*** Block opens ***

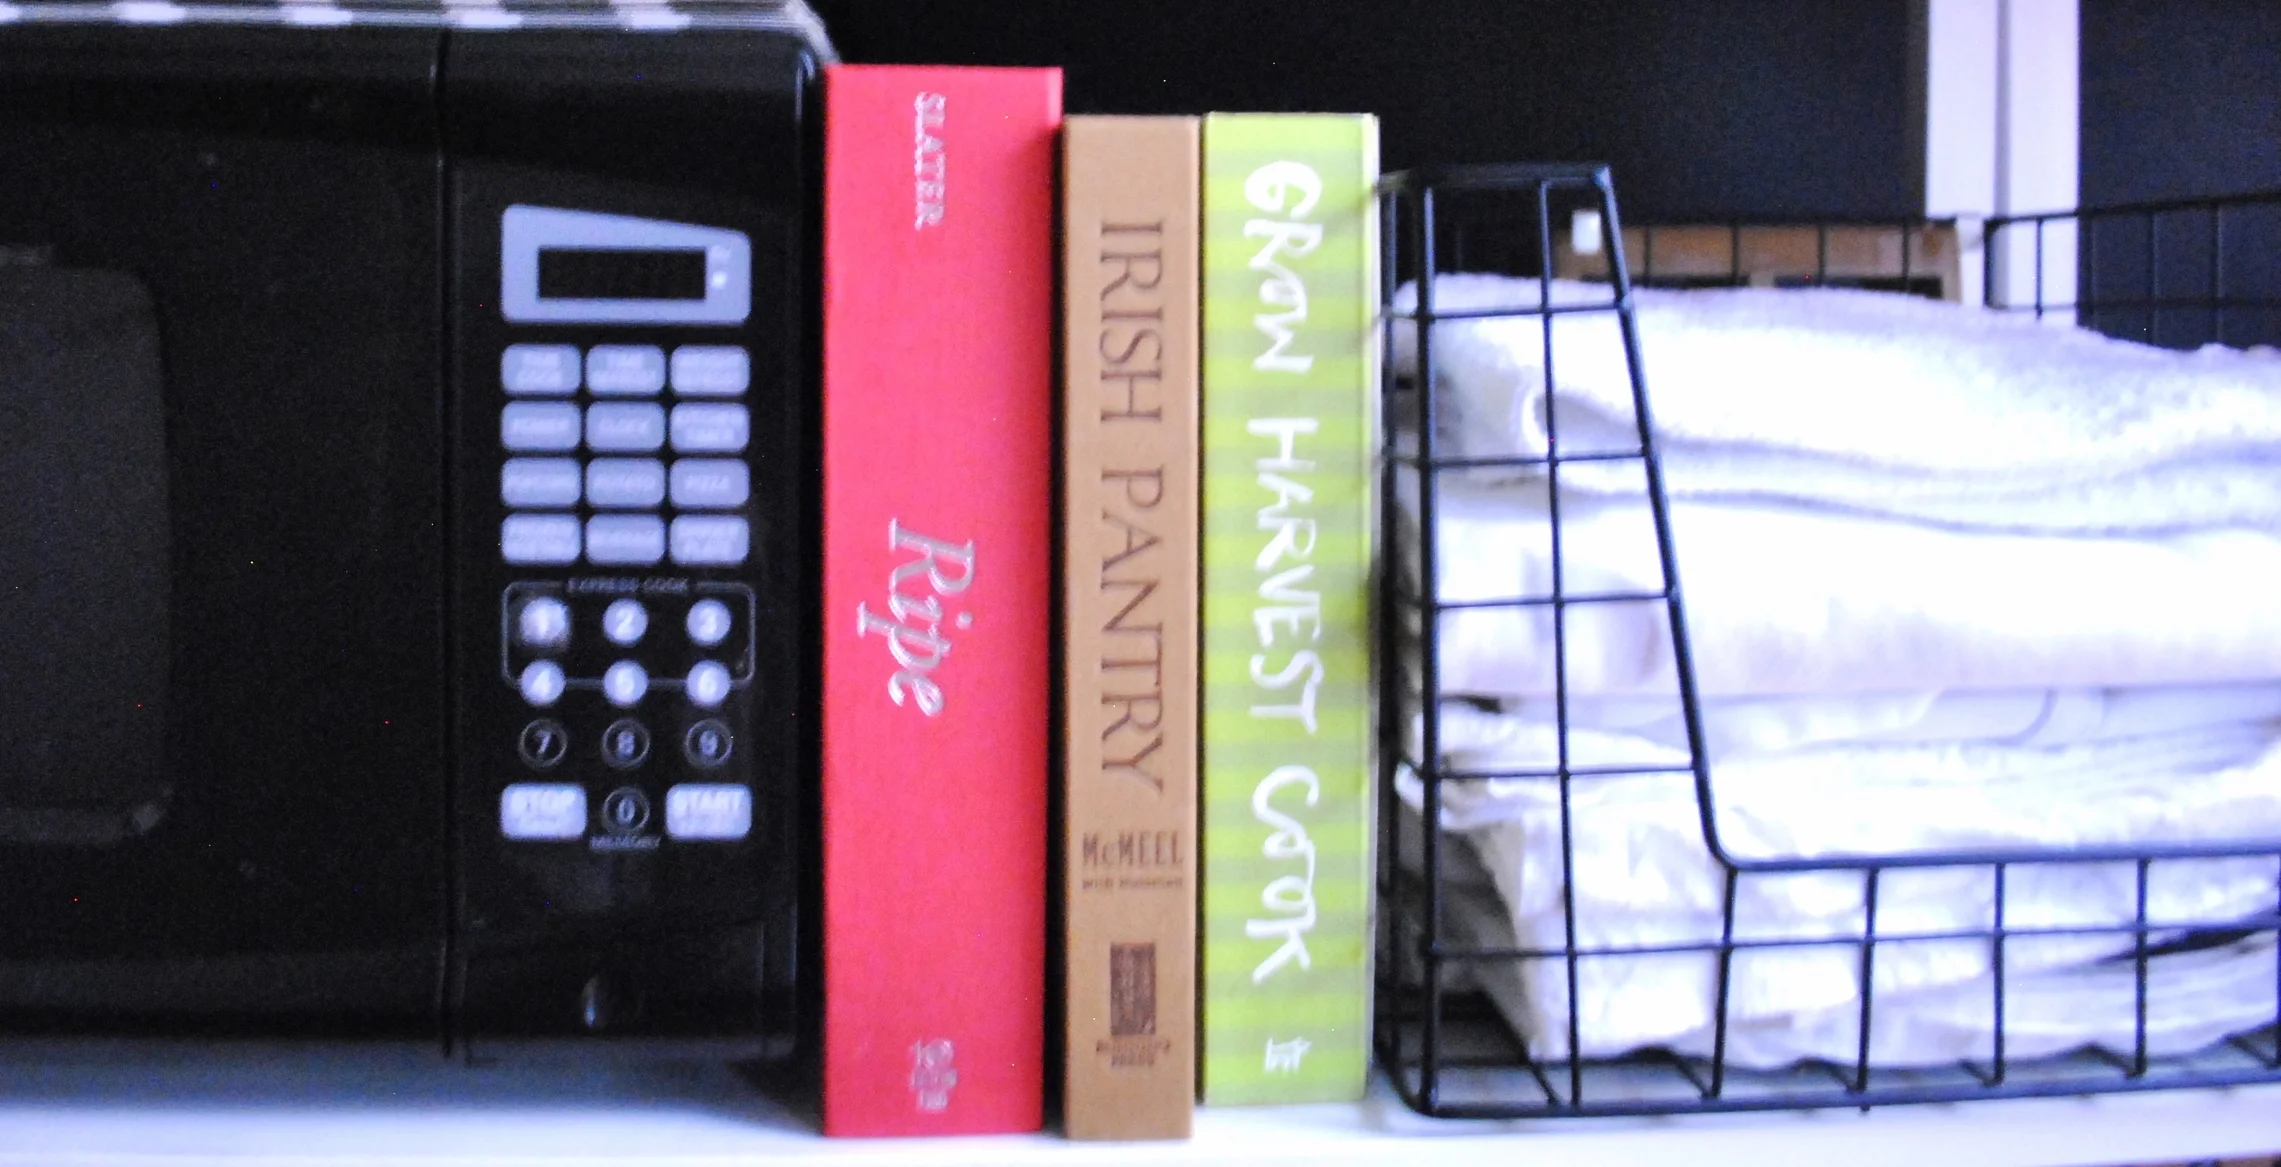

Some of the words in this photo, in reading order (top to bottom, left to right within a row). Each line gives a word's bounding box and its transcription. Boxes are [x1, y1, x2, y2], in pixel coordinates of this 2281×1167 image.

[914, 92, 947, 231] SLATER
[1100, 221, 1164, 423] IRISH
[1247, 417, 1324, 734] HARVEST
[615, 606, 635, 638] 2
[698, 606, 718, 638] 3
[857, 516, 975, 718] Ripe
[1100, 464, 1164, 793] PANTRY
[530, 667, 552, 698] 4
[697, 668, 719, 700] 6
[535, 729, 552, 755] 7
[617, 729, 636, 755] 8
[699, 729, 719, 755] 9
[511, 789, 577, 814] STOP
[617, 797, 636, 823] 0
[673, 789, 743, 815] START
[1081, 830, 1183, 868] McMEEL
[1245, 764, 1320, 984] COOK

*** Block closes ***

■ **Task to complete**: Write out every line of the entries above exactly, and omit their pictures.

■ **Response to this task**:
Some of the words in this photo, in reading order (top to bottom, left to right within a row). Each line gives a word's bounding box and its transcription. Boxes are [x1, y1, x2, y2], in pixel coordinates of this 2281×1167 image.

[914, 92, 947, 231] SLATER
[1100, 221, 1164, 423] IRISH
[1247, 417, 1324, 734] HARVEST
[615, 606, 635, 638] 2
[698, 606, 718, 638] 3
[857, 516, 975, 718] Ripe
[1100, 464, 1164, 793] PANTRY
[530, 667, 552, 698] 4
[697, 668, 719, 700] 6
[535, 729, 552, 755] 7
[617, 729, 636, 755] 8
[699, 729, 719, 755] 9
[511, 789, 577, 814] STOP
[617, 797, 636, 823] 0
[673, 789, 743, 815] START
[1081, 830, 1183, 868] McMEEL
[1245, 764, 1320, 984] COOK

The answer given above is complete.